The idea is that you have 25 horses, a 5 lane track, no timer, and want to find the fastest 5 horses. How many races can you do it in?

**NOTE THAT THE ORIGINAL PROBLEM WANTED ALL 5 IN ORDER, AND THIS WAY JUST GIVES THE FASTEST 5 POSSIBLY OUT OF ORDER AND NEEDS A 9TH RACE TO ORDER THEM PROPERLY.**

I stayed up all night once to come up with an 8, and thought i did, but in the morning realized that I had made a mistake. BruteForce found a description of a solution for 8. It was on the same track as me, but he didn't make the mistake I did. I take no credit.

Anyhow, here's the write-up so it's a little more visual and easier to parse than the text answer he found.

You start by running 6 races. 5 races let every horse run, and the 6th is the winner's race. You're left with:

Note that "1" is clearly the fastest horse, since he was never beaten, and we have some information about every horse relative to at least one other horse. We can also remove some as hopeless, since they're too far back along the known relative speed graph to possibly be in the top 5.

Let's remove those.

Now what? Well, if we want the top 3 in order we'd race 1.2, 1.3, 2, 2.2, and 3. That's 5 horses and the answer to the "top 3 in 7" problem. That's not what we want, though.

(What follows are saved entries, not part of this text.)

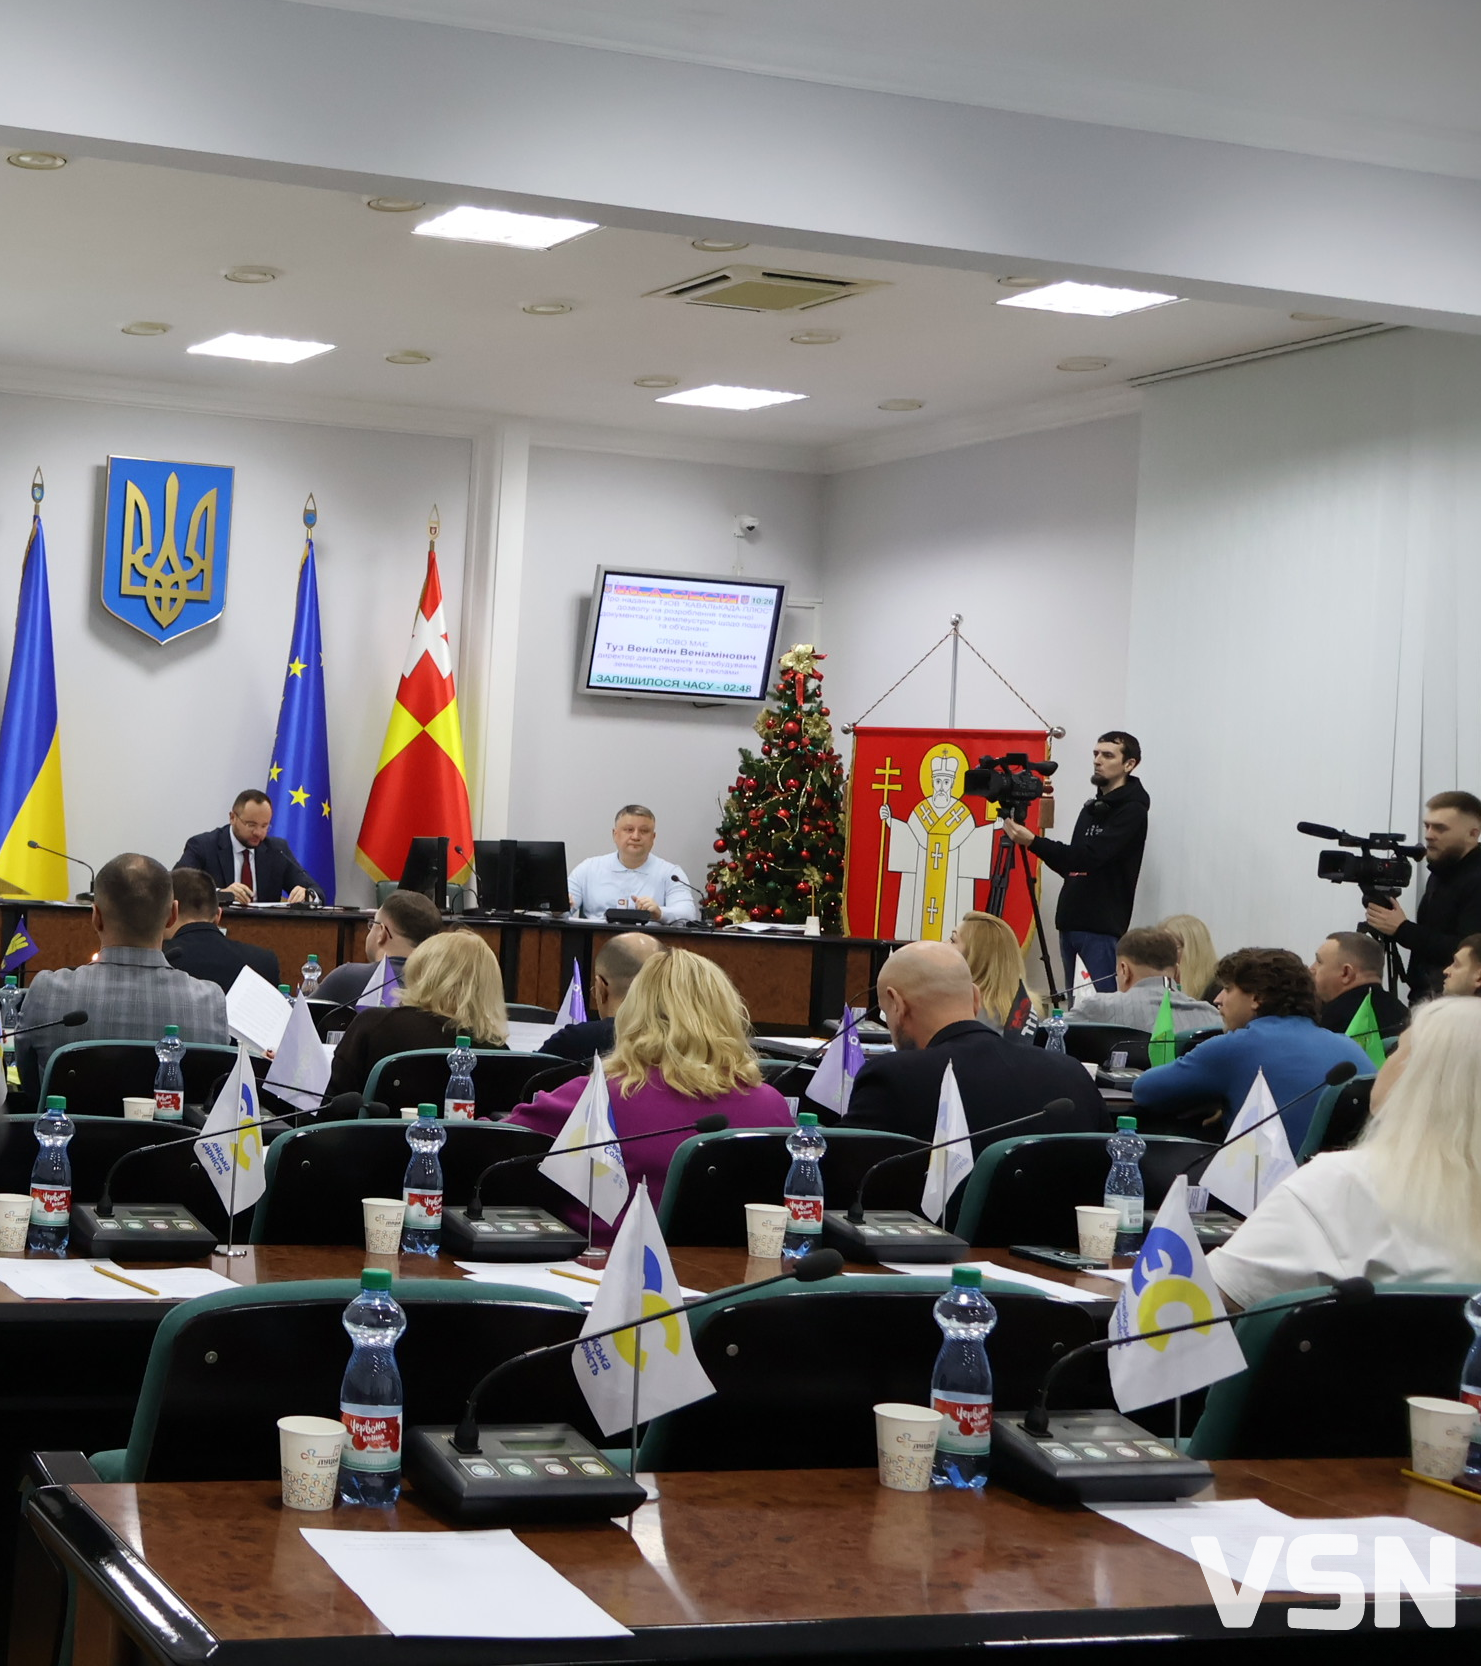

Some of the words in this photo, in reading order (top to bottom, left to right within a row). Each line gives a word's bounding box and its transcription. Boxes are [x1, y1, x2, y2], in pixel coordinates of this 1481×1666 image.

[751, 597, 773, 605] 10:26
[604, 642, 623, 651] Туз
[627, 644, 676, 654] Веніамін
[679, 648, 756, 660] Веніамінович
[595, 674, 679, 687] ЗАЛИШИЛОСЯ
[682, 680, 713, 690] ЧАСУ
[722, 684, 751, 692] 02:48
[210, 1142, 230, 1172] ейська

We're going to instead race 1.3, 2.2, 3, 3.2, and 4. Why? We know that at least one of 1.2 and 2 are in the top 5, and can figure that out based on the result of our race 7. Here's our race 7.

Let's take the easiest result case first. 3 and 4 are the top 2. 3 had to have beaten 4, since we knew it was already faster. 2 is therefore in the top 4 in second position, and the final horse is one of 1.2, 2.2, 3.2, 4.2, 5. That's 5 horses and we can just race them. Brown indicates horses to be in race 8.

Now let's look at a complicated result. 1.3 and 2.2 are the top 2, in that order. What do we know?

**The key piece of information is that since 2.2 beat 3, 3 cannot be in the top 5. Why? For 3 to be in, 2 would have to be in, as well as 2.2. Both beat 3. But that also means, since 1.3 beat 2.2 that 1.2 is in there too. We ran out of places. The same logic rules out 2.3. Depending on the result of race 7, you might have to flip the graph but can then apply the same reasoning as it ends up being symmetrical.**

So in this case, which is an example of the most complicated situations from race 7, ends up looking like this:

1.3 and 2.2 run again, and 1.2 doesn't need to run because it has to be in the finals anyhow. The top 3 from this race are in the top 5 with 1 and 1.2.

This was a much better problem than the "top 3" version.

## 7 comments:

can u pls explain how 2.3 can be discarded when race 7 results in 1.3 and 2.2 being in top 2? thnku!! :)

thanku:)

I haven't seen this in a while, and just noticed your question PCBarn.

So I think you mean that 2.2 beats 1.3 in Race 7 in the top 2 spots. What does this rule out? Since 1.3 beat 3 we are left with the candidates left being 1,1.2,1.3,2, 2.2, 2.3,2.4.

Race 8 is then 1.2, 2.2, 1.3, 2.3, 2.4. 1 and 2 are clearly in the top 5 (though we don't know 2's rank).

The top 3 from this race 8 would then race against #2 in a race 9 with only 4 horses to get a final ordering (1 is the fastest horse - period).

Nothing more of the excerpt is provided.